Je liste dans un premier temps quelques directives du fichier sur lesquelles je pense utile de faire un petit commentaire.

Le nom du domaine ou workgroup:

workgroup = dom_grouik

Le nom du serveur sur le réseau sera son nom d'installation:

server string = %h

Pour le moment je laisse WINS désactivé. WINS assure (assurait, ça parait obsolète) un service de noms netbios, Un équivalent du DNS quoi, mais à plus petite échelle. A cette étape du tuto, je ne sais pas encore si je vais retenir cette solution, ou me baser sur un bind ou autre.

#   wins support = no

Je laisse interfaces commentée car par défaut, samba répondra à toutes les requêtes. Mais si vous souhaitiez limiter à un VLAN particulier, c'est là qu'il faut le mettre:

 ;   interfaces = 127.0.0.0/8 eth0
security = user

Les mots de passe unix et samba seront synchronisés. Cette commande active l’exécution du programme externe défini à la directive passwd program, lors du changement de mot de passe samba

unix password sync = yes

C'est le maitre (par opposition à contrôleur de domaine secondaire):

domain master = yes

Mouais, je n'ai pas trop saisi le but de la directive suivante: L'OS level si je me souviens bien c'est lorsqu'il y a plusieurs controleur de domaine celui qui aura l'OS le plus eleve sera choisi. Explication de zilozi dans les commentaires... Un peu comme le champs MX dans les DNS quoi

os level = 33

Pour insister sur le fait que c'est le maitre (surtout en cas de conflit):

preferred master = yes

C'est le partage où sera placé le profil de l'user (son "documents and settings" quoi)

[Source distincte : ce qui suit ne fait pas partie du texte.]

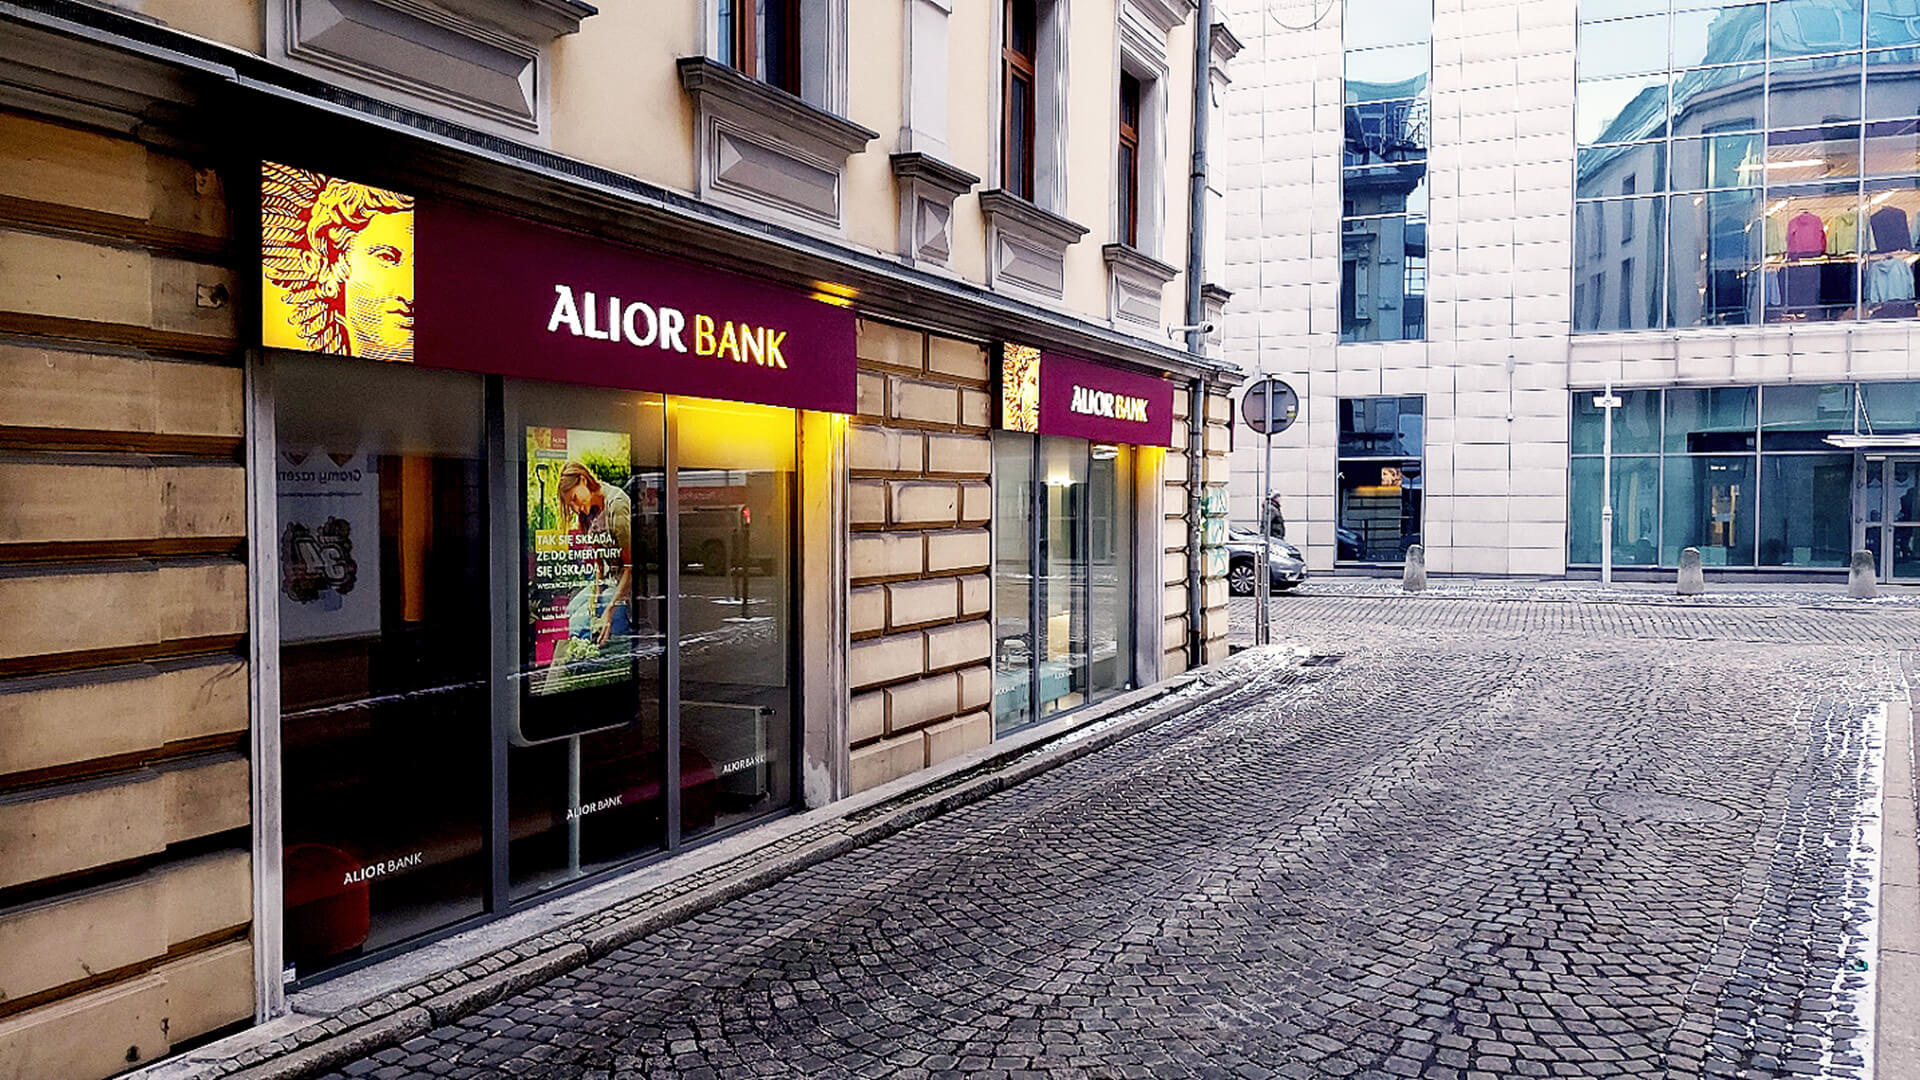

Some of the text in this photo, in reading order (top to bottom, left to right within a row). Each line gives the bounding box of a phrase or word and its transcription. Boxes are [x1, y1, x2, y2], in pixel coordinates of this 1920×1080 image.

[547, 284, 788, 369] ALIOR BANK
[1070, 384, 1148, 422] ALIOR BANK
[537, 534, 557, 546] TAK
[559, 534, 574, 547] SIĘ
[568, 547, 622, 561] EMERYTURY
[536, 564, 553, 579] SIĘ
[566, 794, 623, 820] ALIOR BANK
[343, 852, 422, 886] ALIOR BANK

logon path = \\%N\profiles\%U

Samba permet de monter directement (sans faire à la main un script batch) le home_dir de l'user unix sur une tête de lecteur. Il aura besoin de placer les scripts dans un partage "netlogon" (plus bas):

logon drive = H:%%%
logon home = \\%N\%U

scripts lors de l'ajout d'users ou de machines depuis un pc client:

add user script = /usr/sbin/adduser -g dom_users -c Utilisateur -d /dev/null -s /bin/false '%u'%%%
add machine script  = /usr/sbin/useradd -g dom_pc -c "%u machine account" -d /dev/null -s /bin/false '%u'%%%
add group script = /usr/sbin/groupadd '%g'%%%
delete user script = /usr/sbin/userdel -r '%u'%%%
delete group script = /usr/sbin/groupdel '%g'%%%
delete user from group script = /usr/bin/gpasswd -d '%u' '%g'%%%
set primary group script = /usr/sbin/usermod -g '%g' '%u' %%%

En retirant toutes les lignes commentées ça donne:

[global]


   workgroup = dom_grouik
   server string = %h
   dns proxy = no
   log file = /var/log/samba/log.%m
   max log size = 1000
   syslog = 0
   panic action = /usr/share/samba/panic-action %d
   security = user
   encrypt passwords = true
   passdb backend = tdbsam
   obey pam restrictions = yes
   unix password sync = yes
   passwd program = /usr/bin/passwd %u
   passwd chat = *Enter\snew\s*\spassword:* %n\n *Retype\snew\s*\spassword:* %n\n *password\supdated\ssuccessfully* .
   pam password change = yes
   domain master = yes
   os level = 33
   preferred master = yes
   domain logons = yes
   logon path = \\%N\profiles\%U
   logon drive = H:
   logon home = \\%N\%U
   add user script = /usr/sbin/adduser -g dom_users -c Utilisateur -d /dev/null -s /bin/false '%u'
   add machine script  = /usr/sbin/useradd -g dom_pc -c "%u machine account" -d /dev/null -s /bin/false '%u'
   add group script = /usr/sbin/groupadd '%g'
   delete user script = /usr/sbin/userdel -r '%u'
   delete group script = /usr/sbin/groupdel '%g'
   delete user from group script = /usr/bin/gpasswd -d '%u' '%g'
   set primary group script = /usr/sbin/usermod -g '%g' '%u' 

Partages

Vu la config au dessus, il faut trois partages: homes netlogon et profiles Suffit de décommenter. Même si je n'aborde pas ici les imprimantes, je laisse les valeurs par défaut

[homes]
   comment = Home Directories
   browseable = no
   read only = no
   create mask = 0700
   directory mask = 0700
   valid users = %S

[netlogon]
   comment = Network Logon Service
   path = /home/samba/netlogon
   guest ok = yes
   read only = yes

[profiles]
   comment = Users profiles
   path = /home/samba/profiles
   create mask = 0600
   directory mask = 0700
   writeable = yes
   create mode = 0700

[printers]
   comment = All Printers
   browseable = no
   path = /var/spool/samba
   printable = yes
   guest ok = no
   read only = yes
   create mask = 0700

[print$]
   comment = Printer Drivers
   path = /var/lib/samba/printers
   browseable = yes
   read only = yes
   guest ok = no

Mise en place.

C'est là que j'ai honte, cette partie est quasiment un copier coller de tux-planet (hormis le changement de dossiers, j'ai ajouté un mappage entre les Noms NT des groupes et les groupes unix)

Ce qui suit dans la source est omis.